» **Stored data entries**
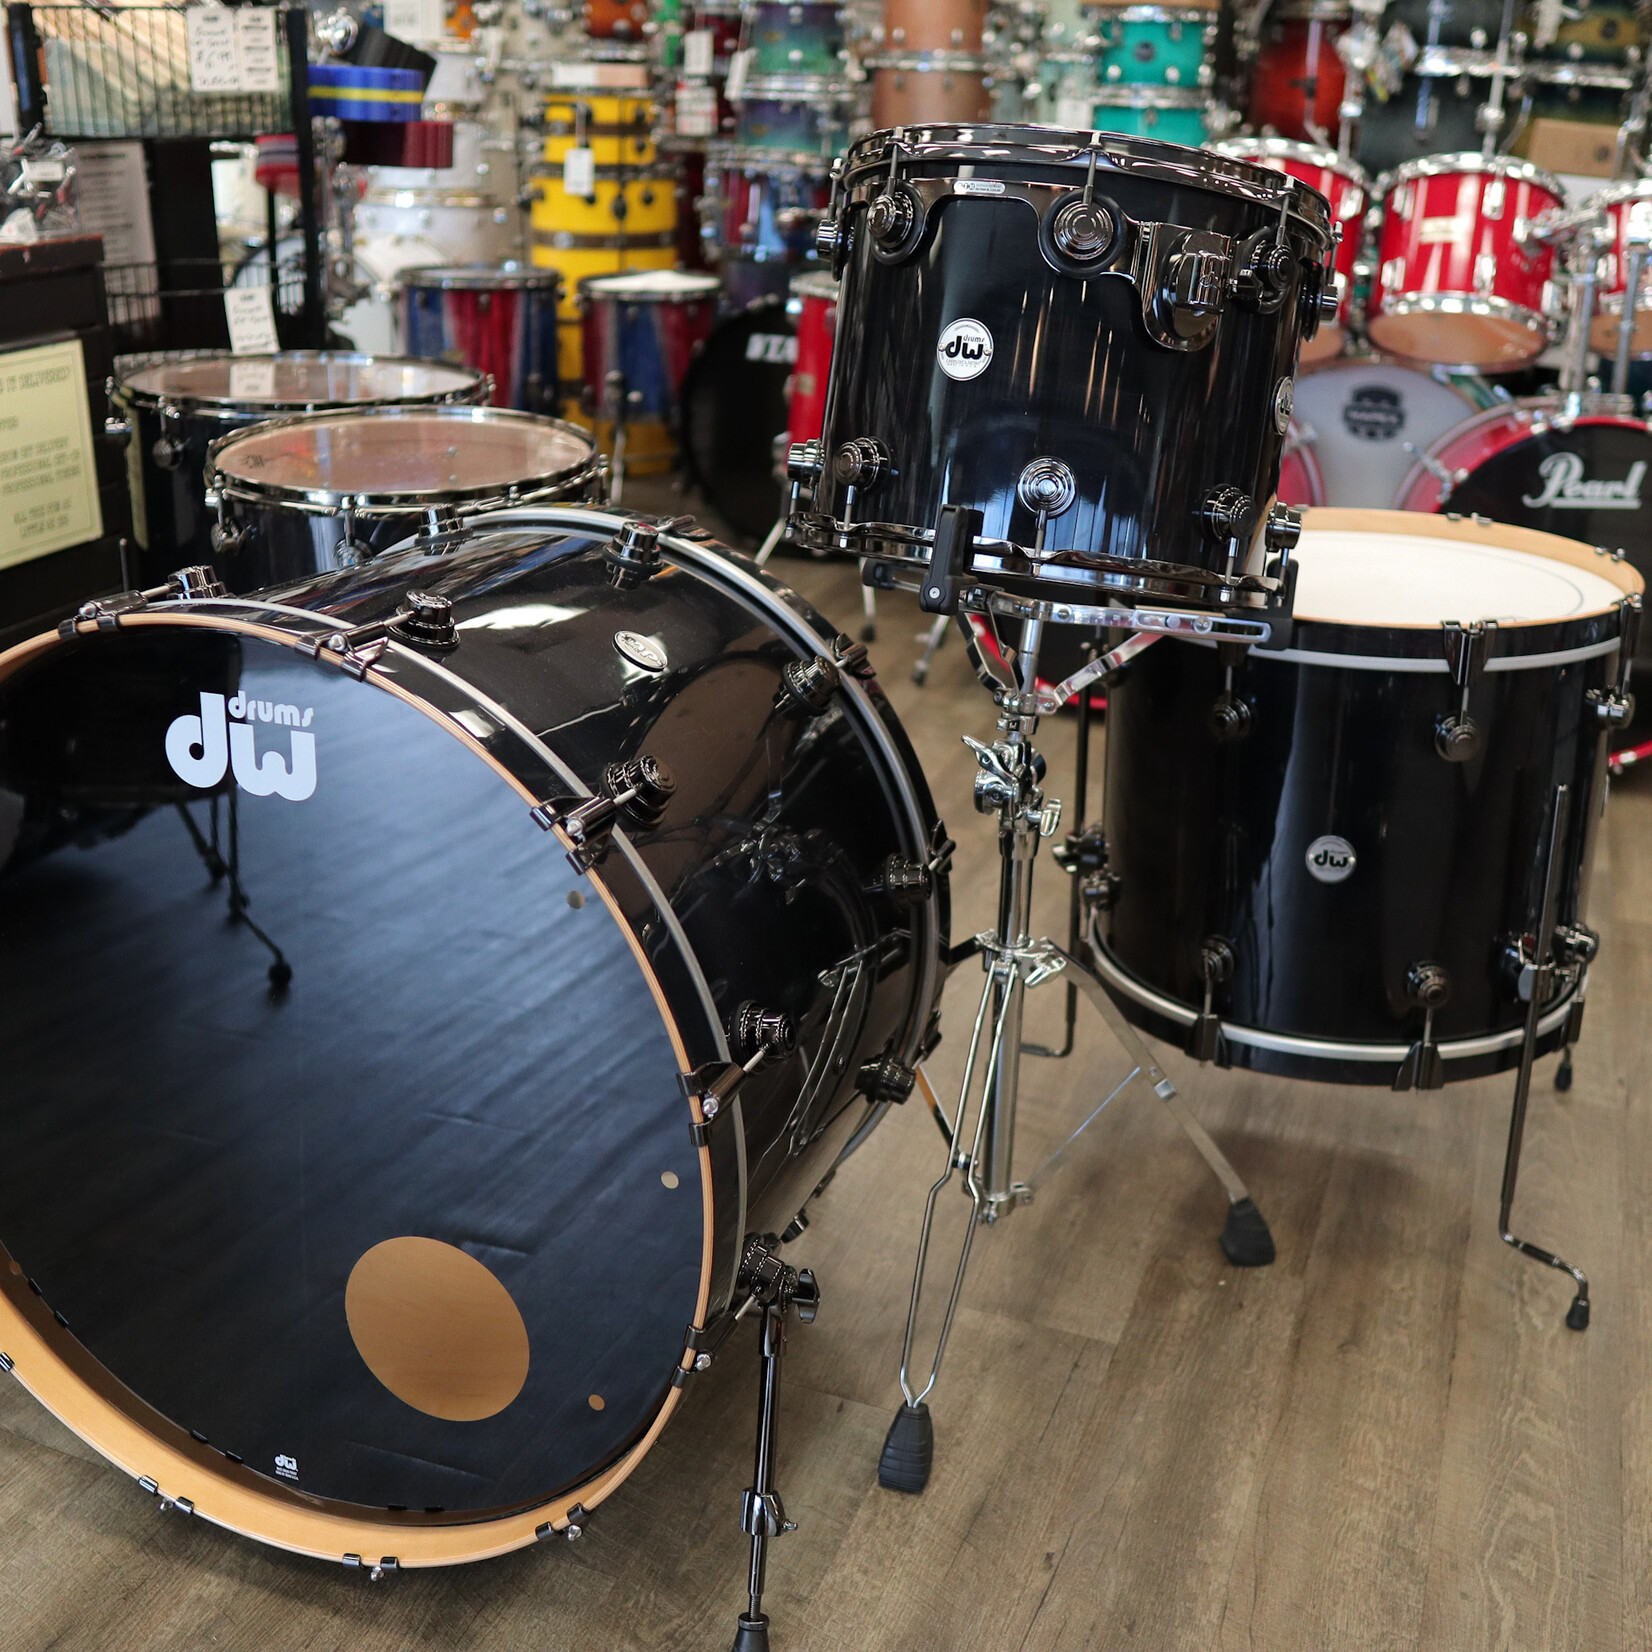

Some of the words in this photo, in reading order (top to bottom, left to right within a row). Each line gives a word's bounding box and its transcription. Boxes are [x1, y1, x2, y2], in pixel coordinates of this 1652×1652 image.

[945, 335, 984, 360] dw
[1522, 452, 1648, 508] Pearl
[228, 690, 314, 727] drums
[165, 691, 317, 801] dw
[1314, 849, 1348, 867] dw
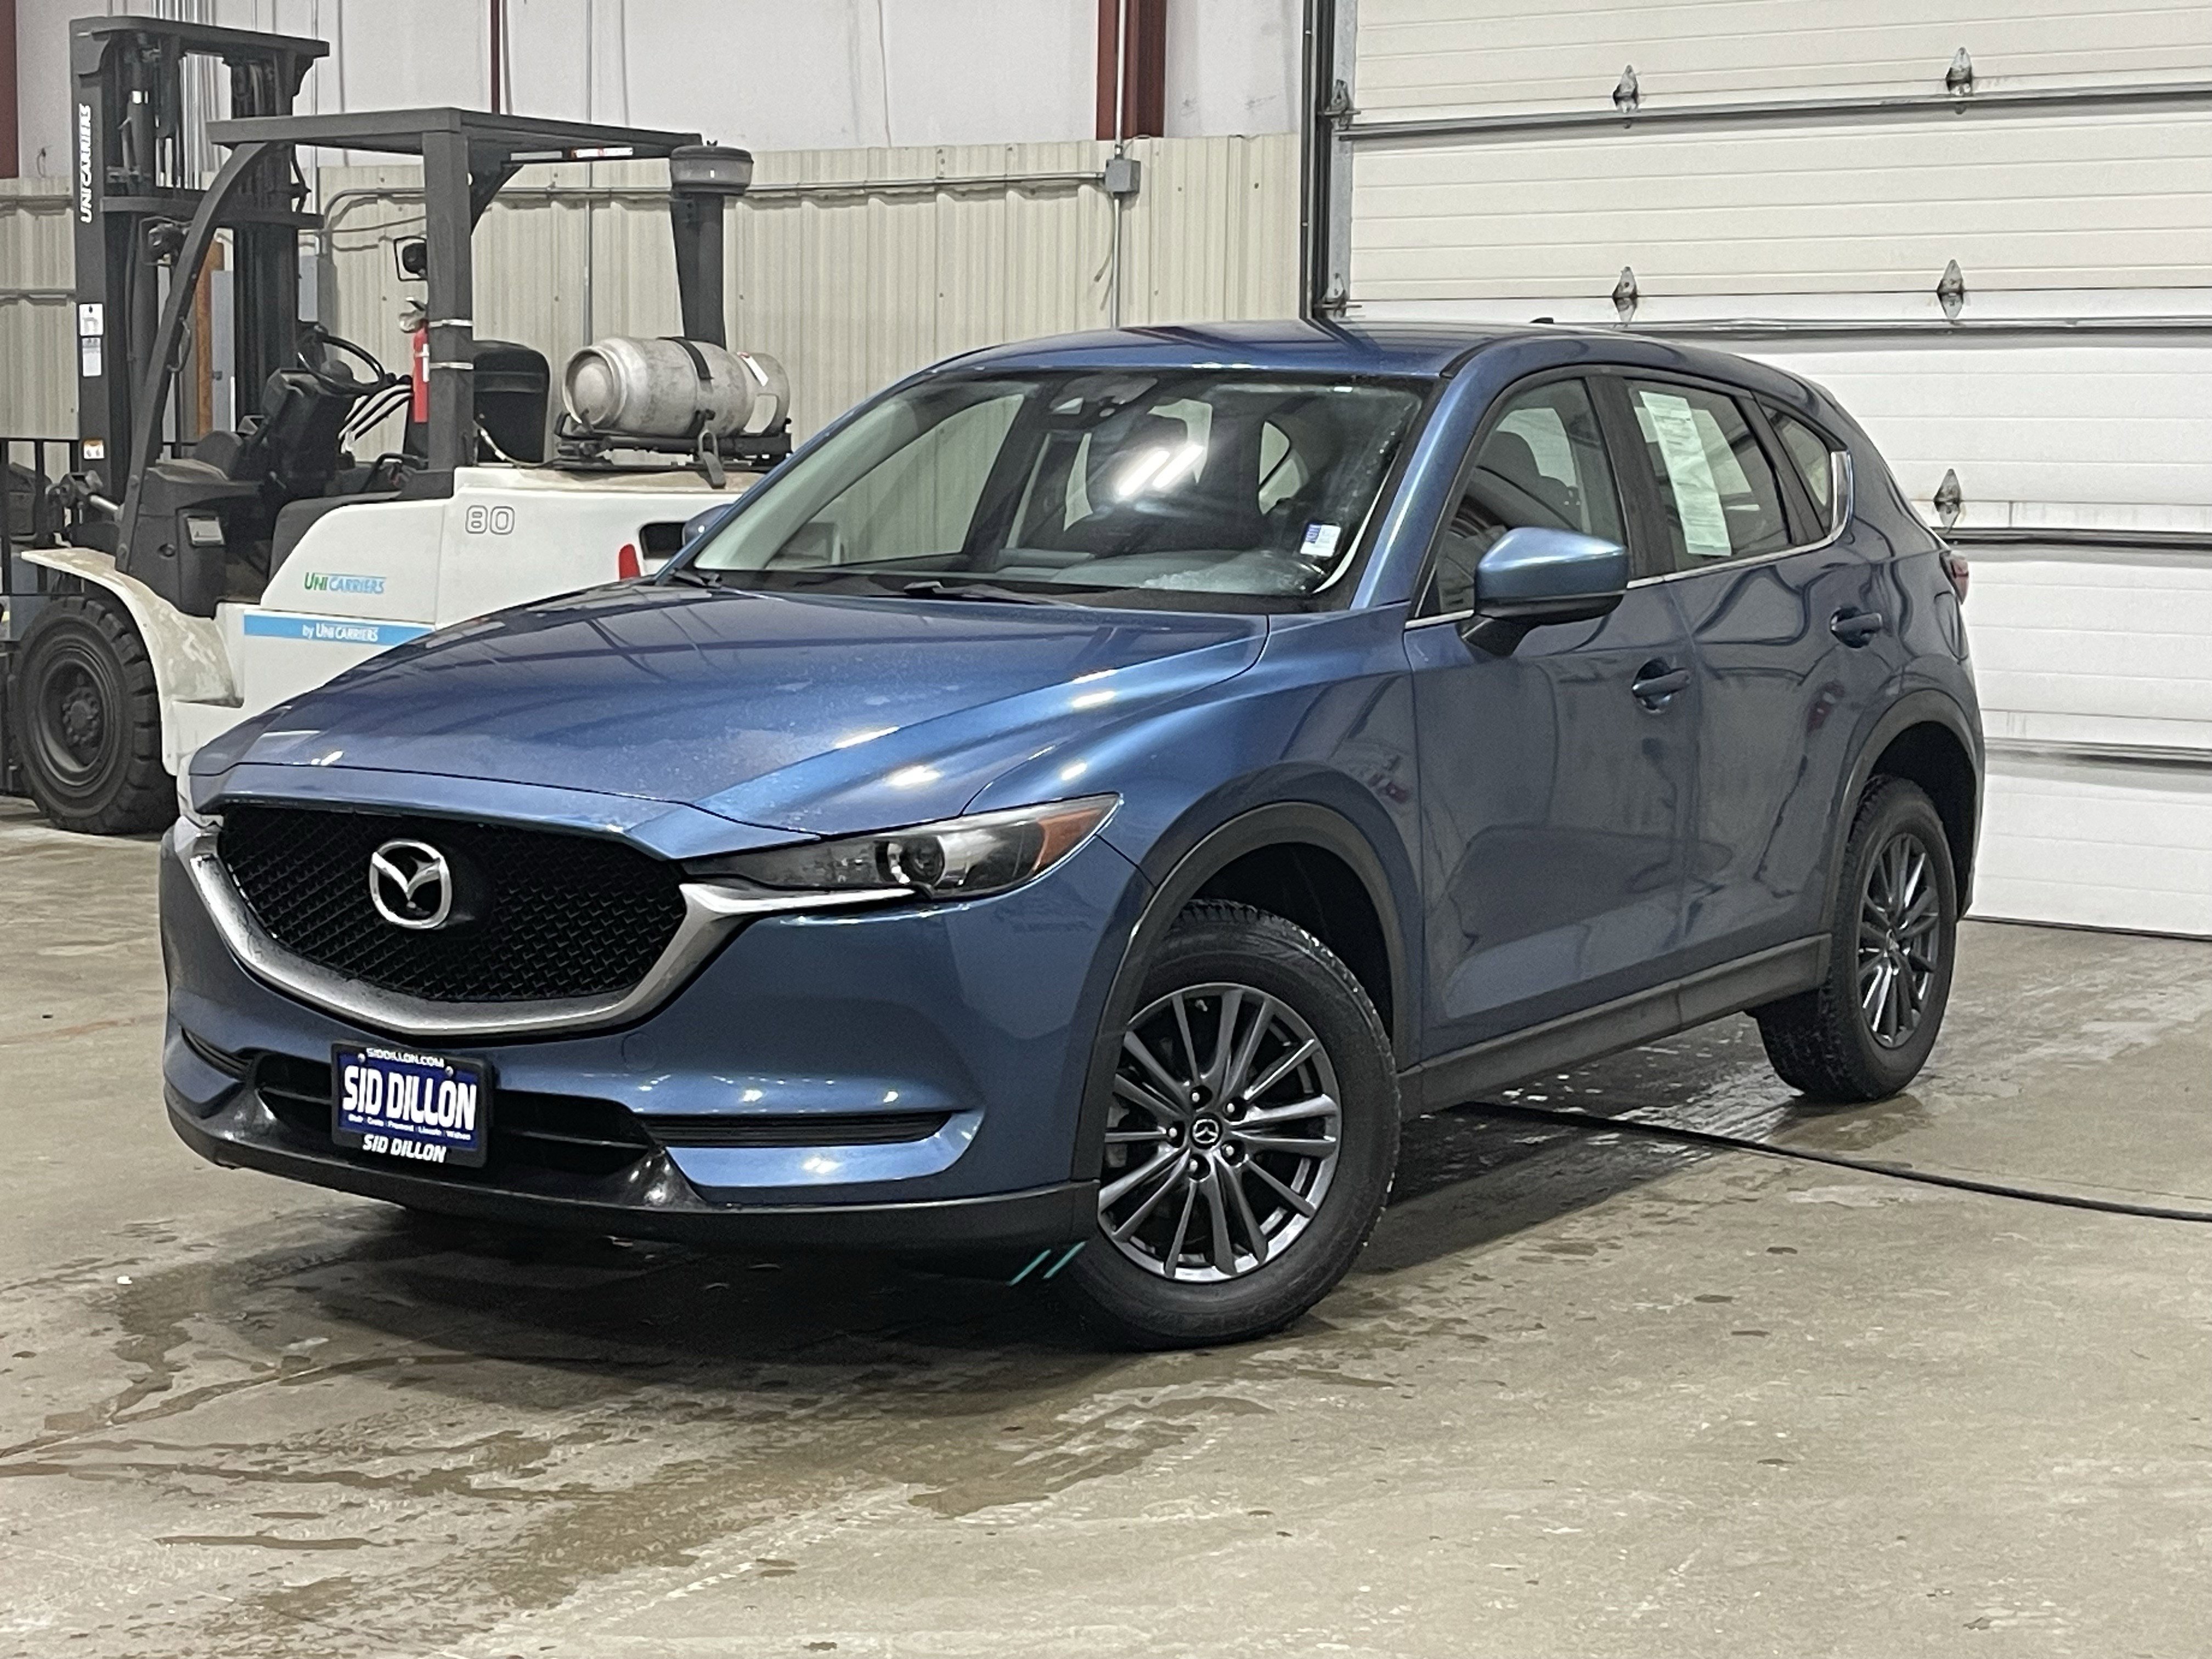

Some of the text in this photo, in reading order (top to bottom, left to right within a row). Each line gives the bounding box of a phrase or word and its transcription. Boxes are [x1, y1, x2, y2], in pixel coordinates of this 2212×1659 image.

[465, 505, 515, 535] 80
[303, 624, 314, 640] by
[366, 1048, 444, 1068] SIDDILLON.COM
[342, 1065, 383, 1115] SID
[386, 1072, 477, 1131] DILLON
[363, 1134, 447, 1163] SID DILLON

» **What needs to be done**
Print the data above in full and exactly as it appears, skipping the pictures.

» **Output below**
Some of the words in this photo, in reading order (top to bottom, left to right within a row). Each line gives a word's bounding box and its transcription. Boxes are [x1, y1, x2, y2], in pixel coordinates of this 1652×1652 image.

[945, 335, 984, 360] dw
[1522, 452, 1648, 508] Pearl
[228, 690, 314, 727] drums
[165, 691, 317, 801] dw
[1314, 849, 1348, 867] dw

Some of the text in this photo, in reading order (top to bottom, left to right within a row). Each line gives the bounding box of a phrase or word and its transcription. Boxes are [x1, y1, x2, y2], in pixel coordinates of this 2212×1659 image.

[465, 505, 515, 535] 80
[303, 624, 314, 640] by
[366, 1048, 444, 1068] SIDDILLON.COM
[342, 1065, 383, 1115] SID
[386, 1072, 477, 1131] DILLON
[363, 1134, 447, 1163] SID DILLON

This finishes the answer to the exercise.